Overlooking order priorities
Not all customer orders have equal strategic value. Some organizations reserve ATP for premium channels, contracted customers, or medically critical products.
Using stale receipts or unrealistic production plans
If inbound receipts are delayed or a planned order is not material feasible, ATP must be revised. Static assumptions create false confidence.
Failing to protect safety stock
When supply uncertainty is high, promising inventory down to zero may create immediate service failures. Safety stock should exist for a reason, and ATP should respect that reason.
How ATP differs from related inventory metrics
ATP is often confused with inventory available, projected available balance, or capable to promise. The differences matter:
- Inventory available usually means stock physically available now.
- Projected available balance looks ahead by time period and tracks expected balances after demand and receipts.
- Available to Promise focuses on what can still be committed to new demand.
- Capable to Promise goes further by considering whether capacity and materials can be reconfigured to meet custom demand.

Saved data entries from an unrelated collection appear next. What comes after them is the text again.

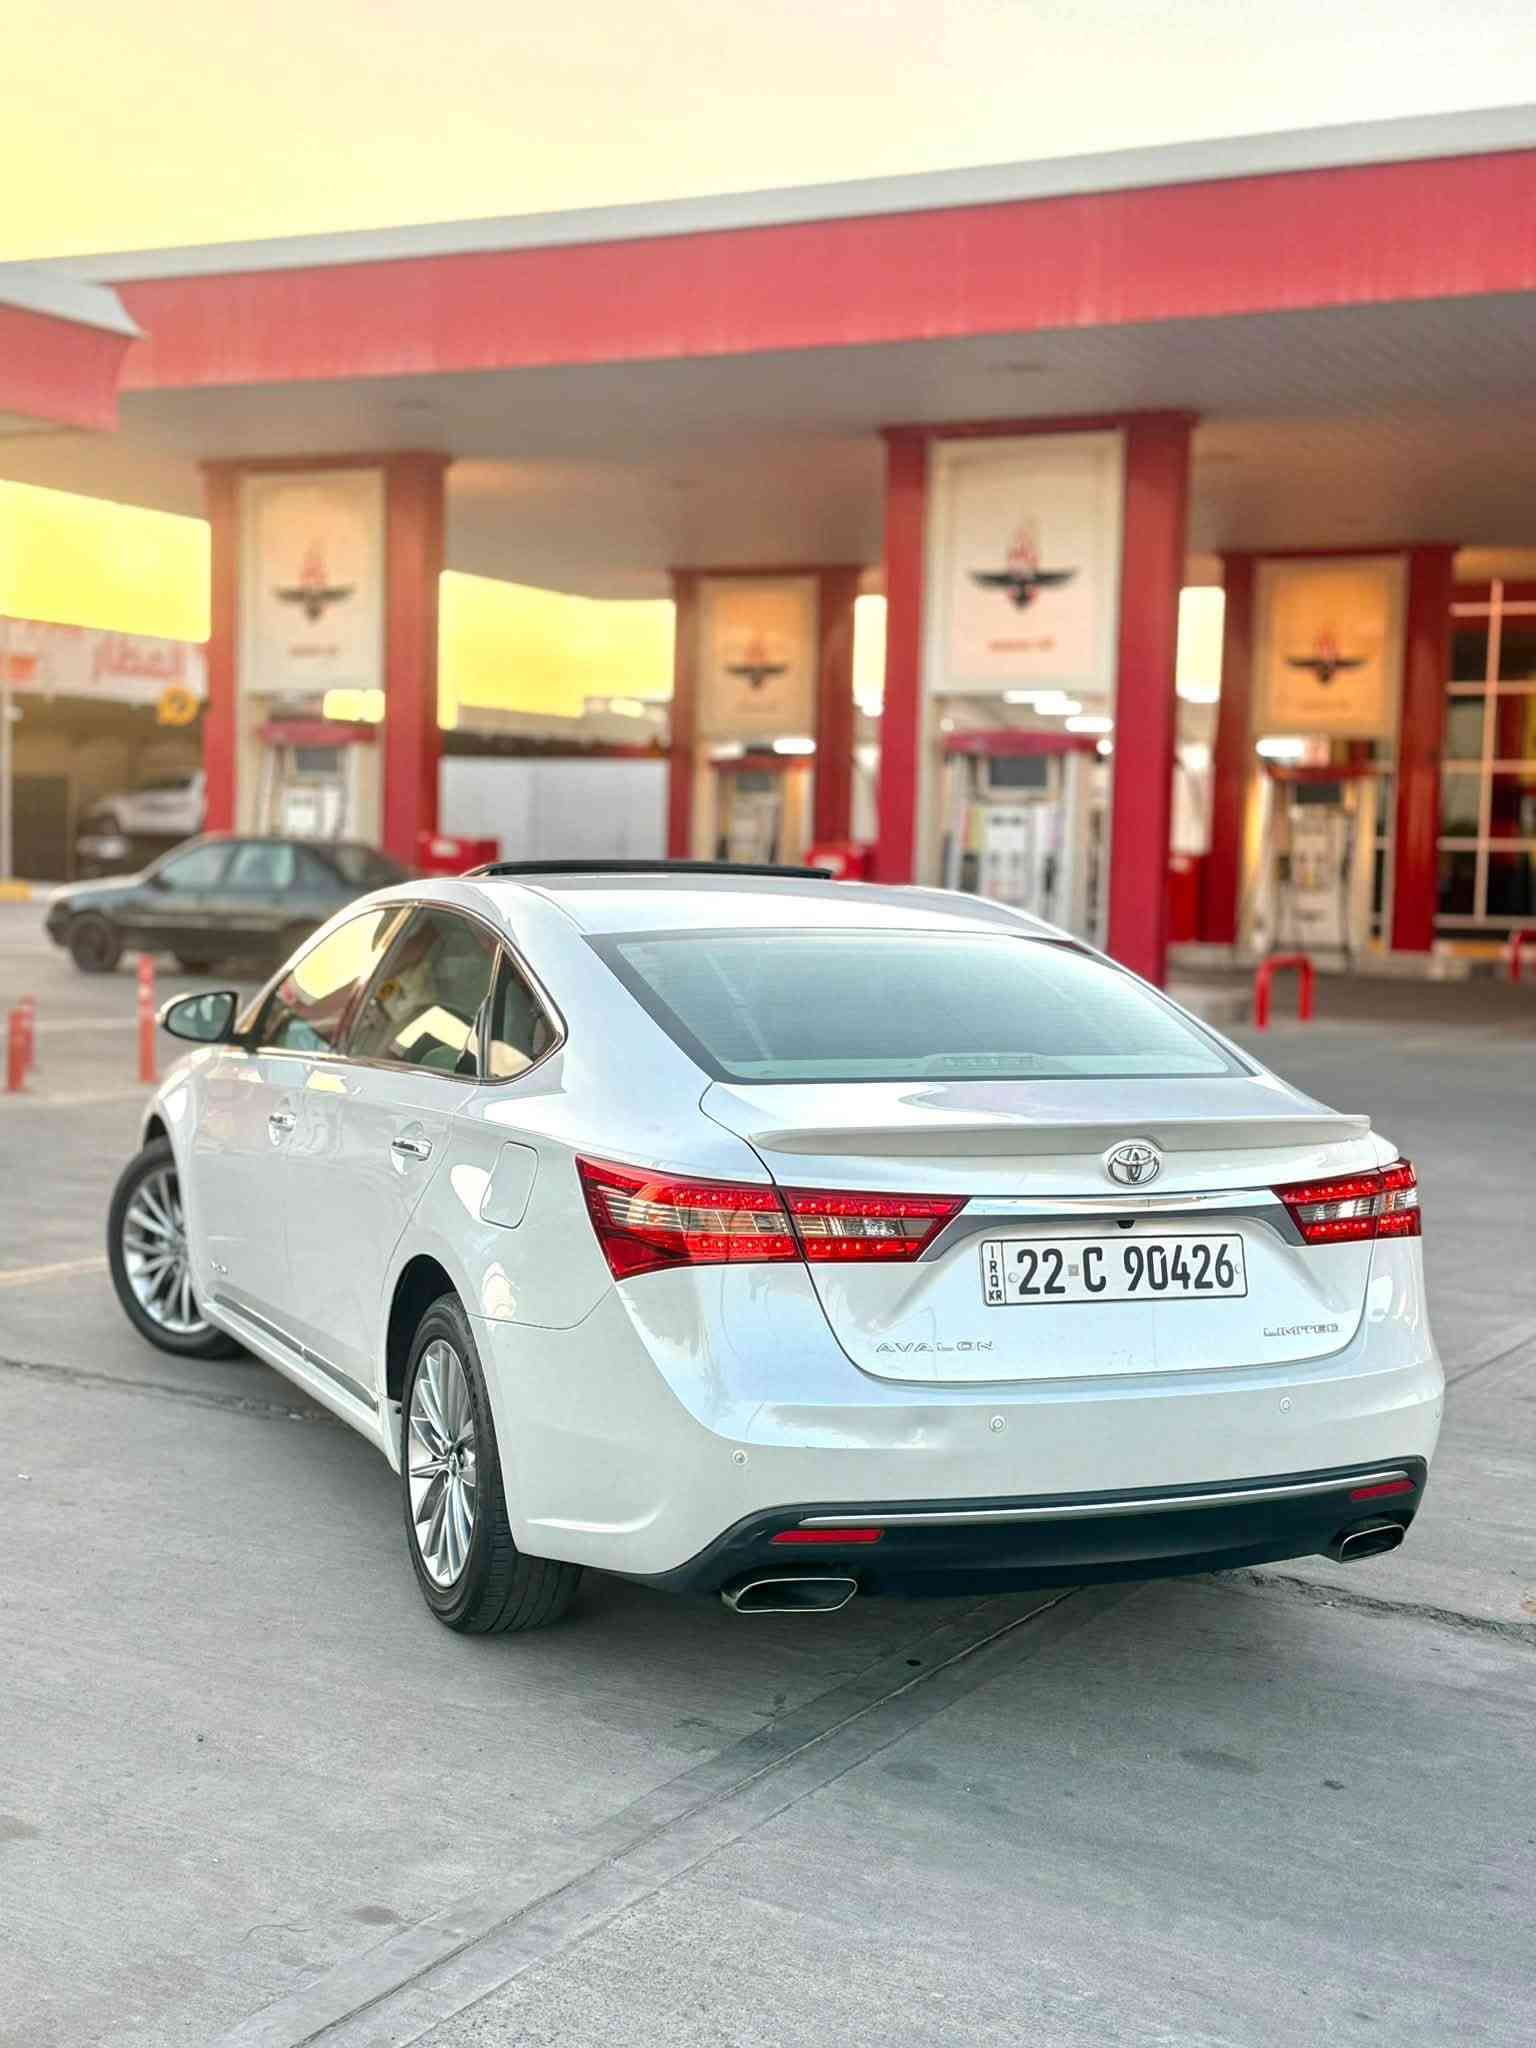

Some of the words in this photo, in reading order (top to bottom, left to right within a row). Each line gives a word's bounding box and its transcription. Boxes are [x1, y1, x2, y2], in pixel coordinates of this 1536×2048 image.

[1017, 1248, 1066, 1295] 22
[1083, 1247, 1107, 1293] C
[1123, 1243, 1235, 1292] 90426
[1263, 1323, 1339, 1337] LIMITED
[876, 1341, 994, 1353] AVALON
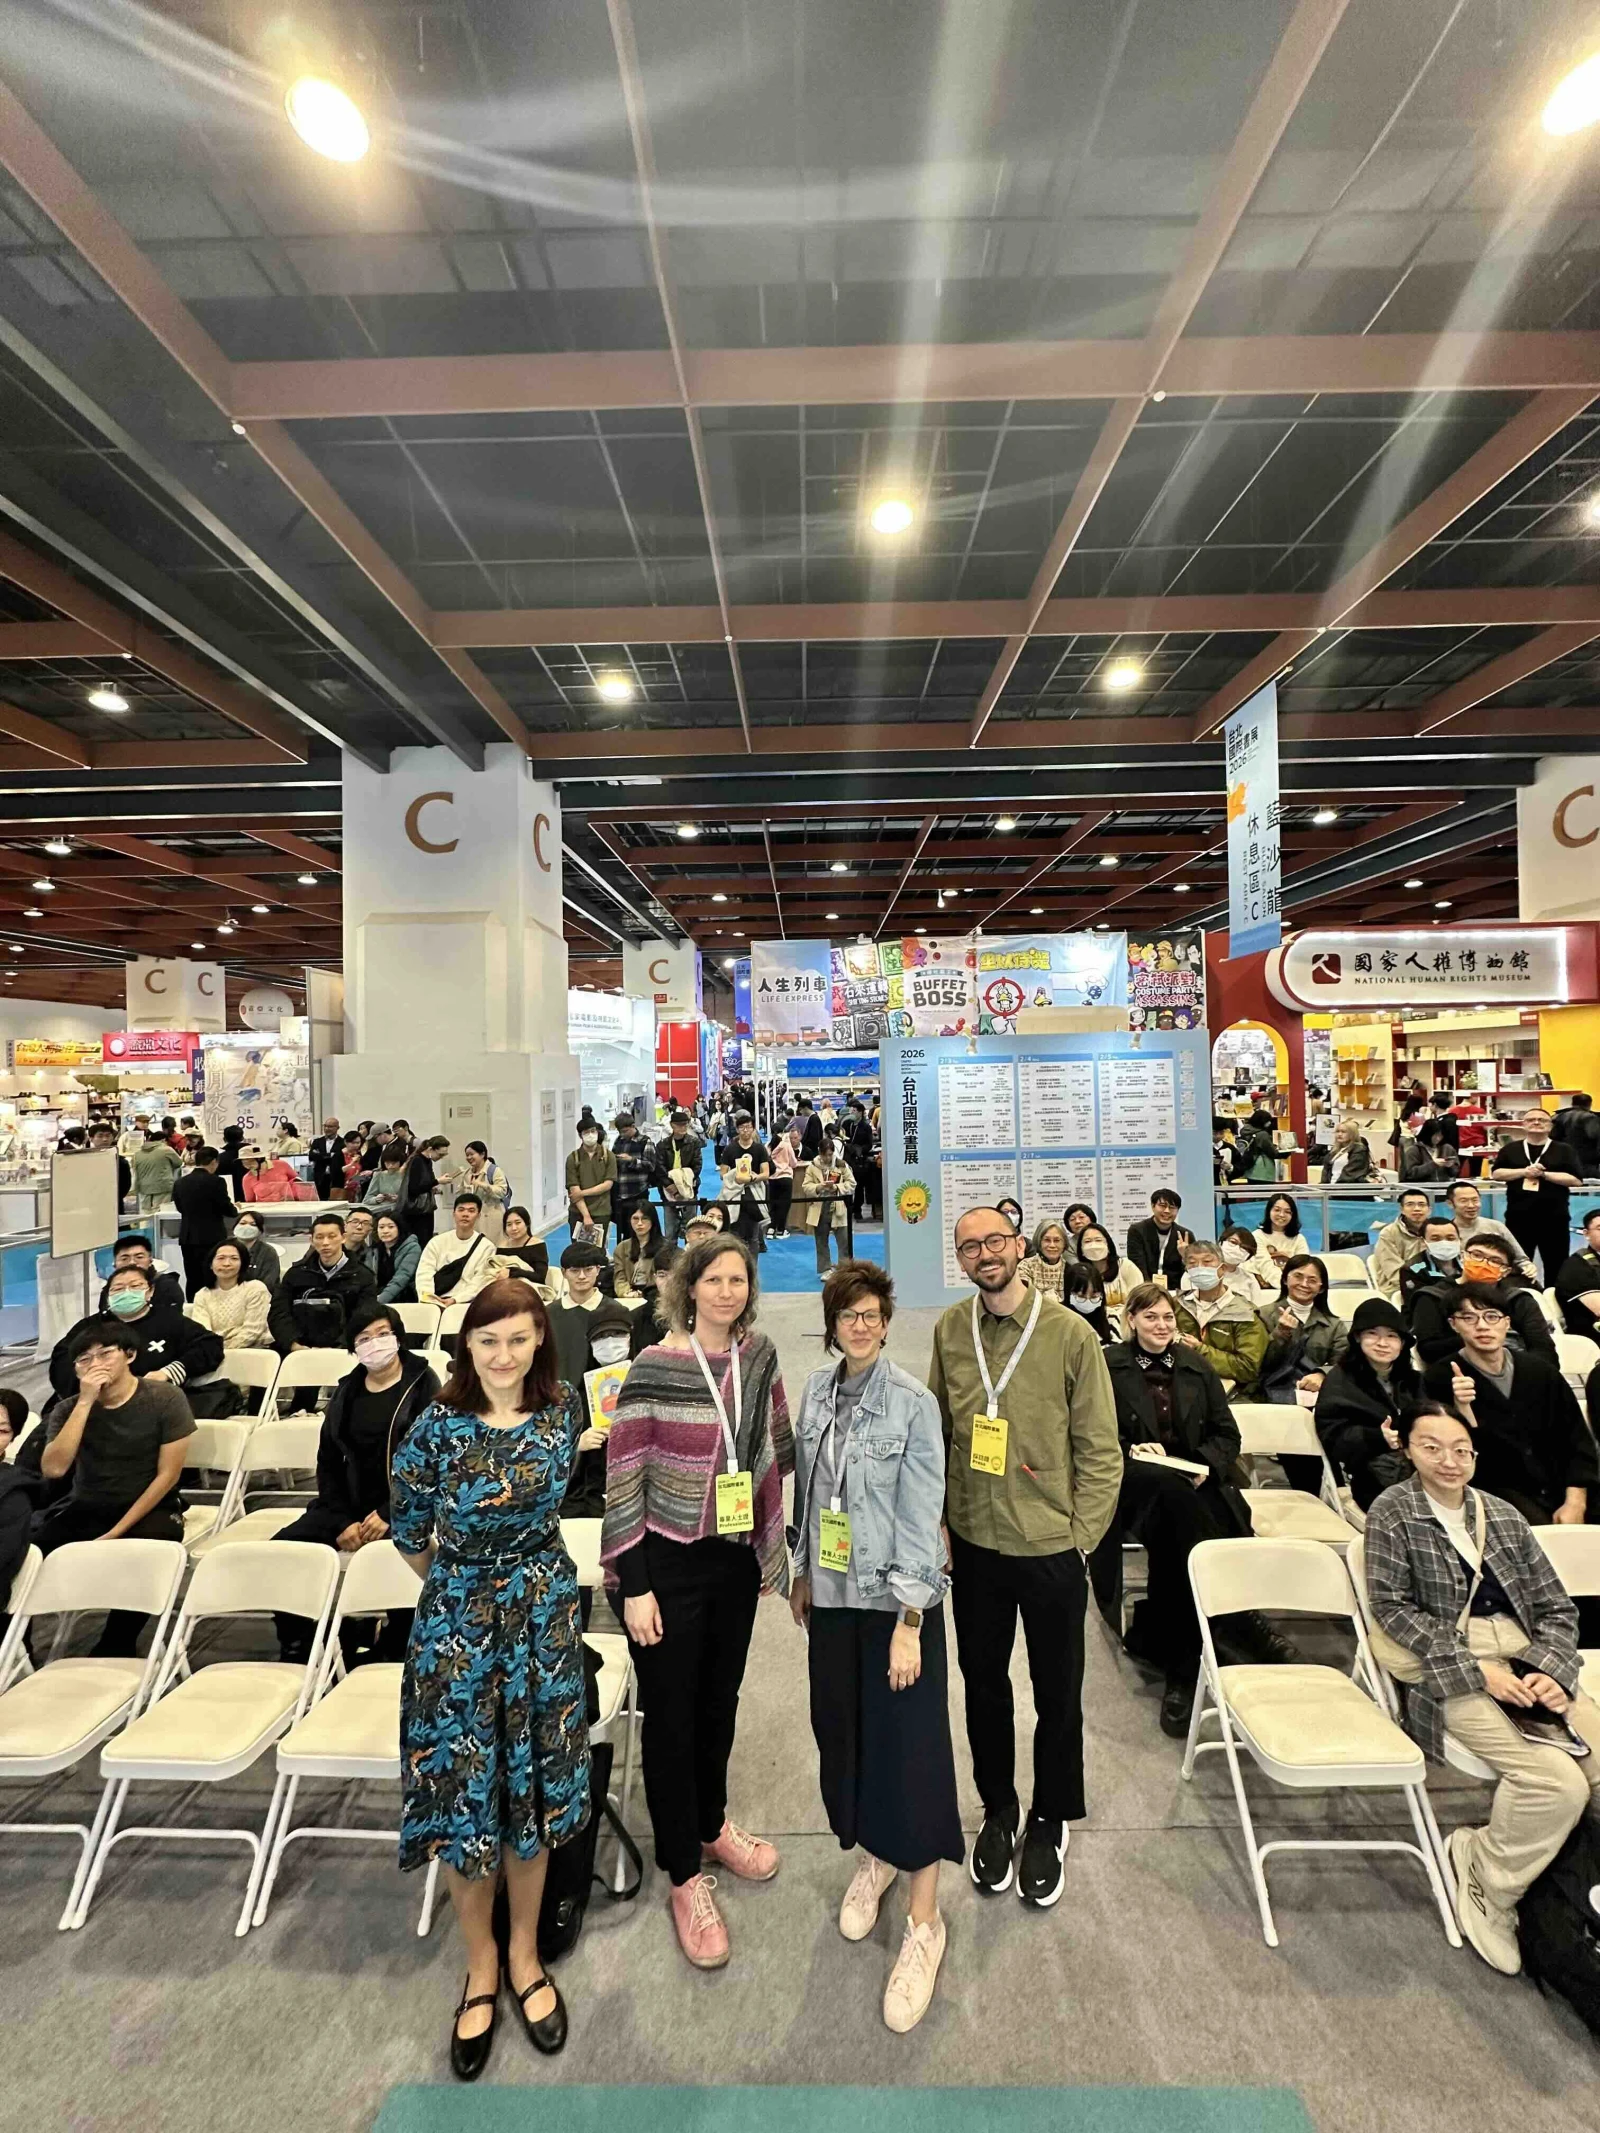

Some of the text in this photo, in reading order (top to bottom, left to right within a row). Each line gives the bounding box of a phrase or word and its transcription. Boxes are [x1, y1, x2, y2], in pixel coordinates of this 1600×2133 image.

In short, ATP is promise focused rather than merely stock focused. It is meant to support a customer commitment decision.
Best practices for improving ATP accuracy
- Improve inventory accuracy. Cycle counting, barcode discipline, and clearer status controls reduce ATP errors.
- Refresh supply data frequently. Late supplier confirmations or delayed work orders can change ATP fast.
- Use realistic lead times. Standard lead times should be audited against actual performance.
- Segment products. Fast movers, seasonal SKUs, and strategic items often need different ATP logic.
- Protect critical service buffers. Safety stock and reserved allocations should be explicit, not assumed.
- Align sales and operations. ATP rules work best when planners and commercial teams use the same logic.
- Track promise adherence. Measure whether promised orders shipped in full and on time.
When to use this calculator
This calculator is ideal when you need a clear single period ATP estimate for a product, lane, or inventory node. It is helpful in these situations:
- Quick order acceptance checks
- Sales and operations planning meetings
- Distributor replenishment reviews
- Production scheduling conversations
- Backorder recovery planning
- Scenario analysis before changing safety stock policy
For a full enterprise environment, ATP may also need to consider lot control, expiration constraints, multi warehouse sourcing, customer allocation rules, transportation capacity, and substitution logic. Still, a disciplined base formula like the one above remains the foundation.
Authoritative references for deeper reading
If you want to connect ATP concepts with broader production, inventory, and economic planning data, these authoritative sources are useful:
- U.S. Bureau of Economic Analysis for production and industry contribution data.
- Federal Reserve Industrial Production and Capacity Utilization for capacity context that affects realistic promises.
- U.S. Census Bureau Economic Indicators for inventory, shipments, and sales trends relevant to supply planning.
Final takeaway
Calcul available to promise is not just a formula. It is a practical discipline for protecting customer trust and operational stability. Every promise has a cost if it is wrong, and every conservative holdback has a cost if it is too cautious. Good ATP logic helps organizations find the right balance. By combining on hand inventory, inbound supply, production plans, committed demand, and safety stock policy, businesses can make commitments with far greater confidence.
Use the calculator above whenever you need a fast ATP estimate. For the most reliable results, keep your data current, validate your inventory accuracy, and make sure your planned receipts are truly achievable within the promise window.